Personally, I really don't compare because it is not even close to the same experience.  The only time I ever compared sex was different times between my wife and I.  I would compare if one time was better for her than another.  For me, my needs are pretty simple and easily met.  But, great sex is when you know your partner is enjoying it.  We all know damn well that the prostitute isn't getting any pleasure from our interaction.  It's a job and she does a dozen men a day.  Its sad and I'm disgusted and overwhelmed that I contributed to it.  The prostitutes I was with didn't even act like they liked it.  They were just doing a job, mechanical...it's not good sex.  What they portray in a porn film isn't real.  It's acting.  The emotion is missing.  If you were to see what goes on you would be disappointed with their performance.   It's pathetic and I know I'm pathetic that I went there and did those things.  I want to forget it.  They aren't good memories.  
Q: 
How do you set boundaries with a addict when there is no open communication? I feel like most of the boundaries I have seen women use in their relationships require that there be communication.Boundaries are just so foreign to me.
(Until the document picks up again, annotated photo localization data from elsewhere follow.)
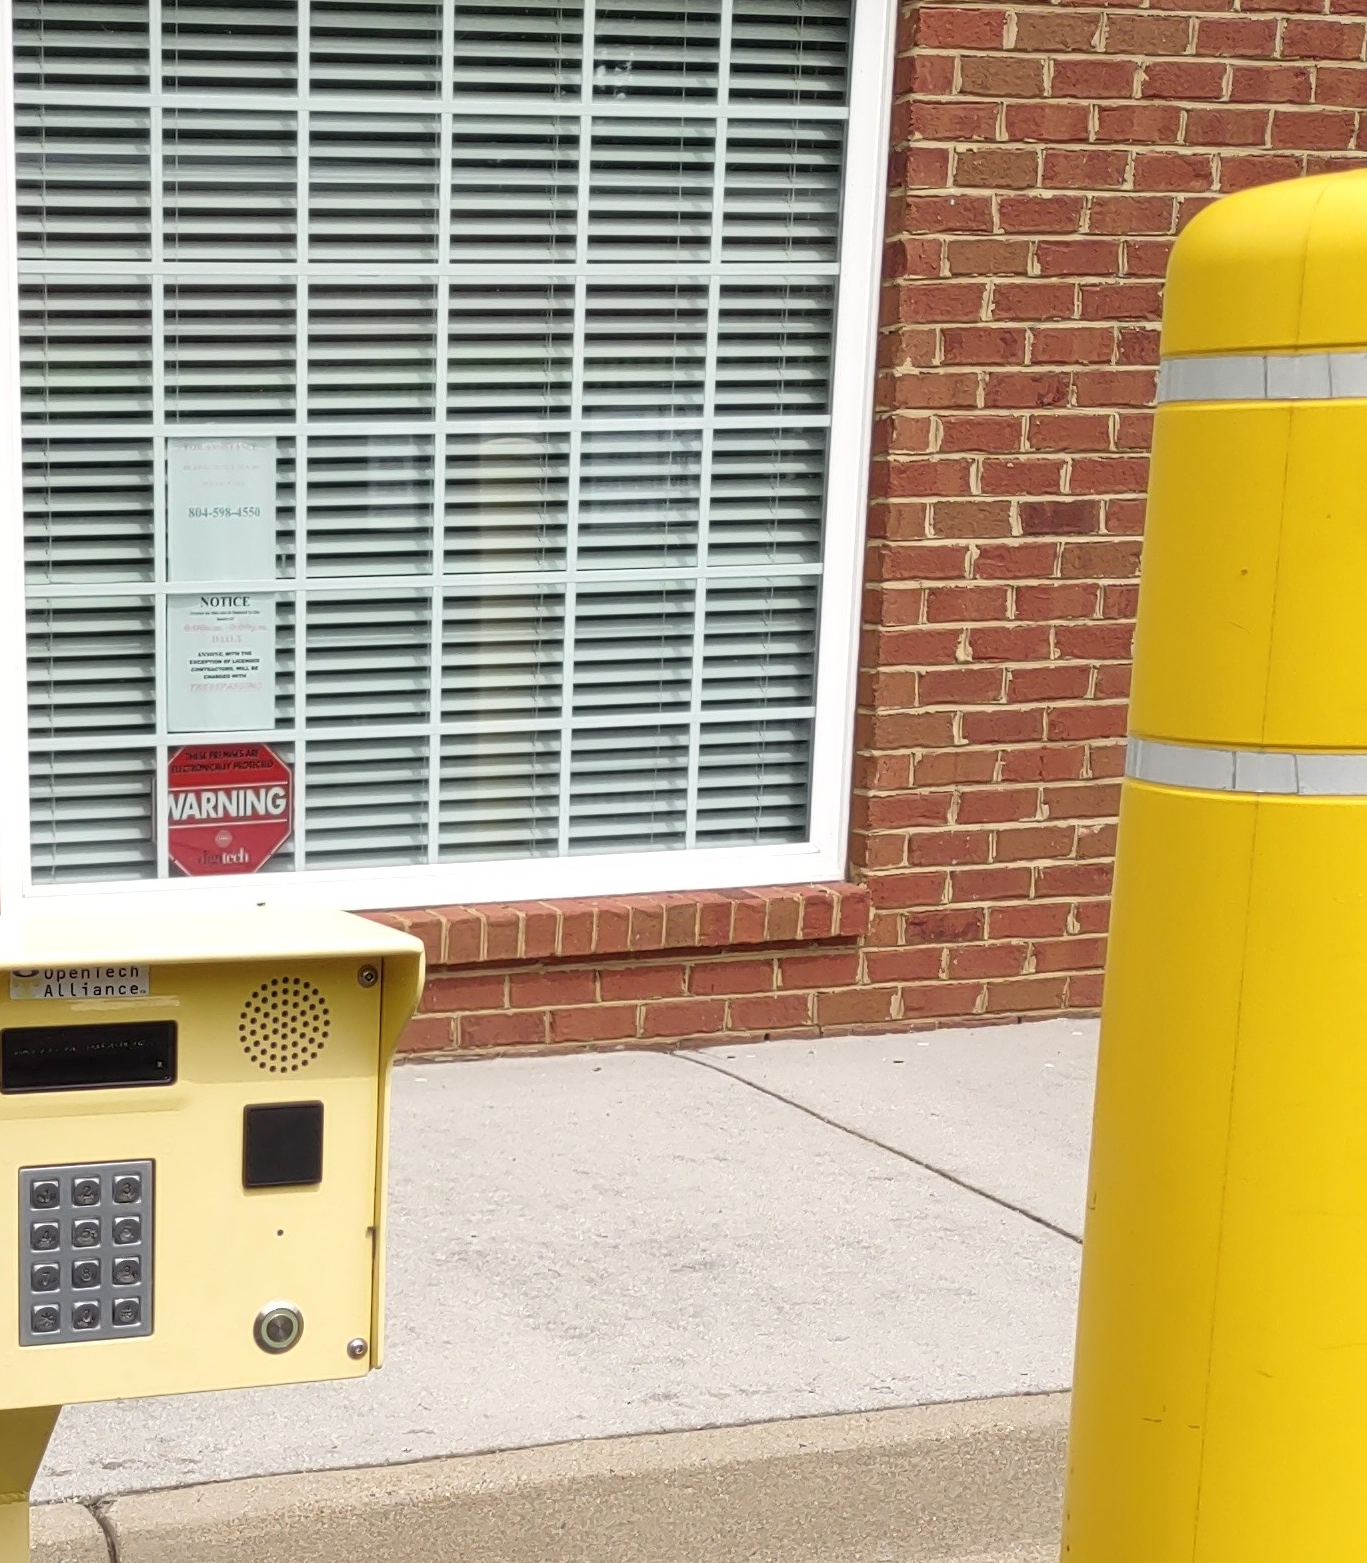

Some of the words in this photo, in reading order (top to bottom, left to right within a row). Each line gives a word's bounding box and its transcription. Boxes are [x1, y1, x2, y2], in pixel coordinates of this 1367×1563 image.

[188, 506, 261, 518] 804-598-4550
[200, 597, 251, 608] NOTICE
[168, 787, 287, 820] WARNING
[44, 966, 139, 982] OpenTech
[44, 982, 139, 998] Alliance
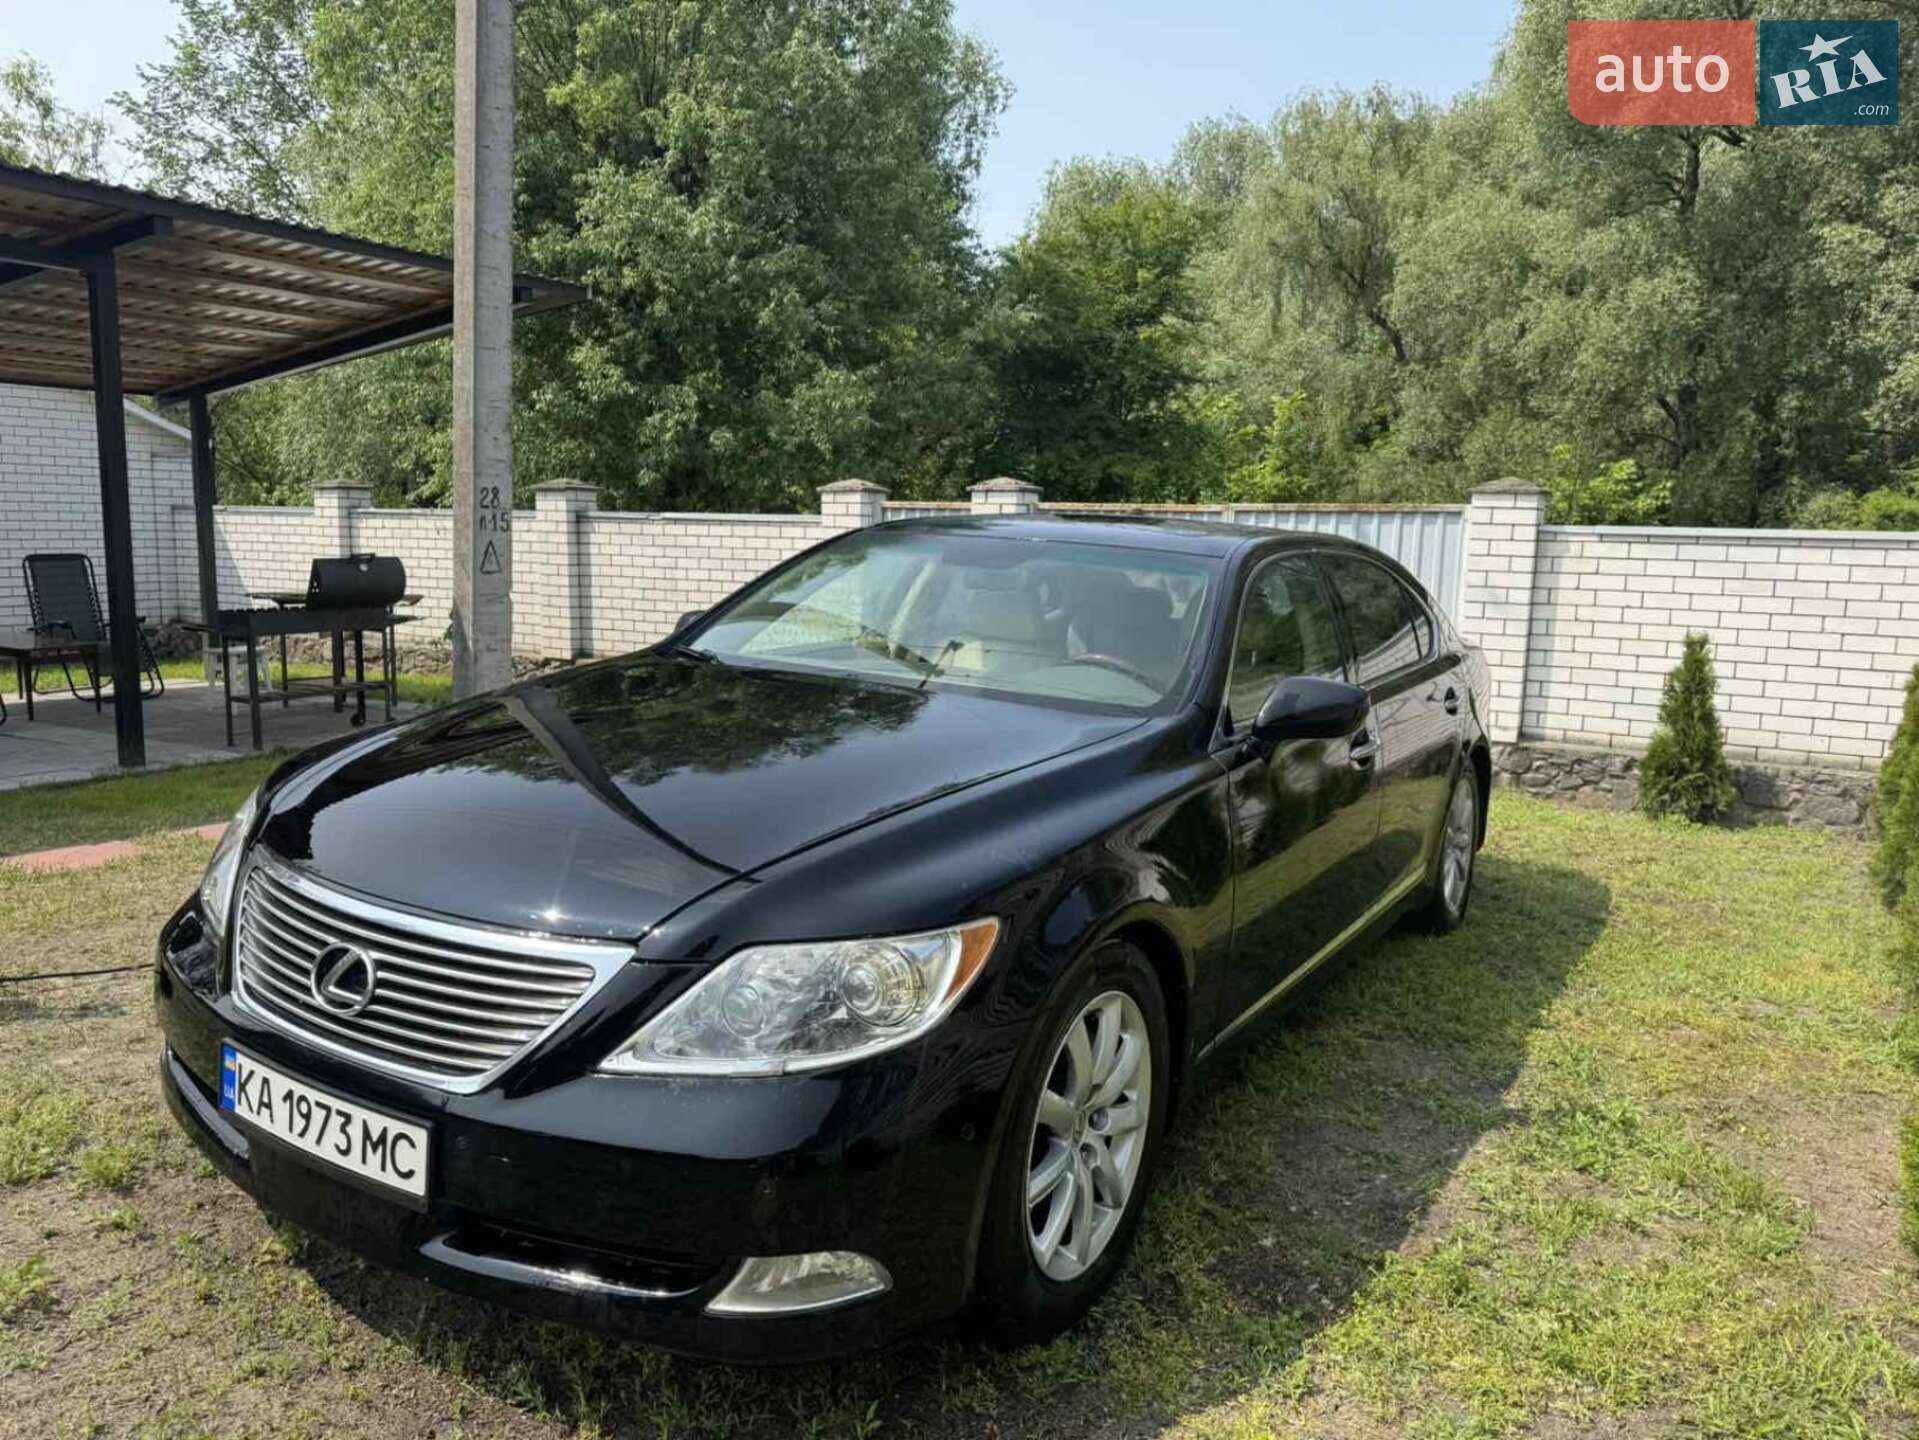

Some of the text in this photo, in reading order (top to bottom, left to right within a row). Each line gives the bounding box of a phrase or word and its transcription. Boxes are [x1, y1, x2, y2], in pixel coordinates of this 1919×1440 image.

[480, 486, 500, 509] 28
[237, 1062, 417, 1180] KA 1973 MC
Any thoughts or suggestions.
A:
You have to decide what is healthy for you and your family and stick to it.  I'd suggest to follow through with consequences.  For example, and this might not be realistic for you but for example, you tell him, "next time you lie about porn, I will cut the Internet, or the cable bill or sell your jeep or feed you Lima beans"  whatever you decide.

Then just do it, whatever it is do it.  When the boundary is crossed, follow through.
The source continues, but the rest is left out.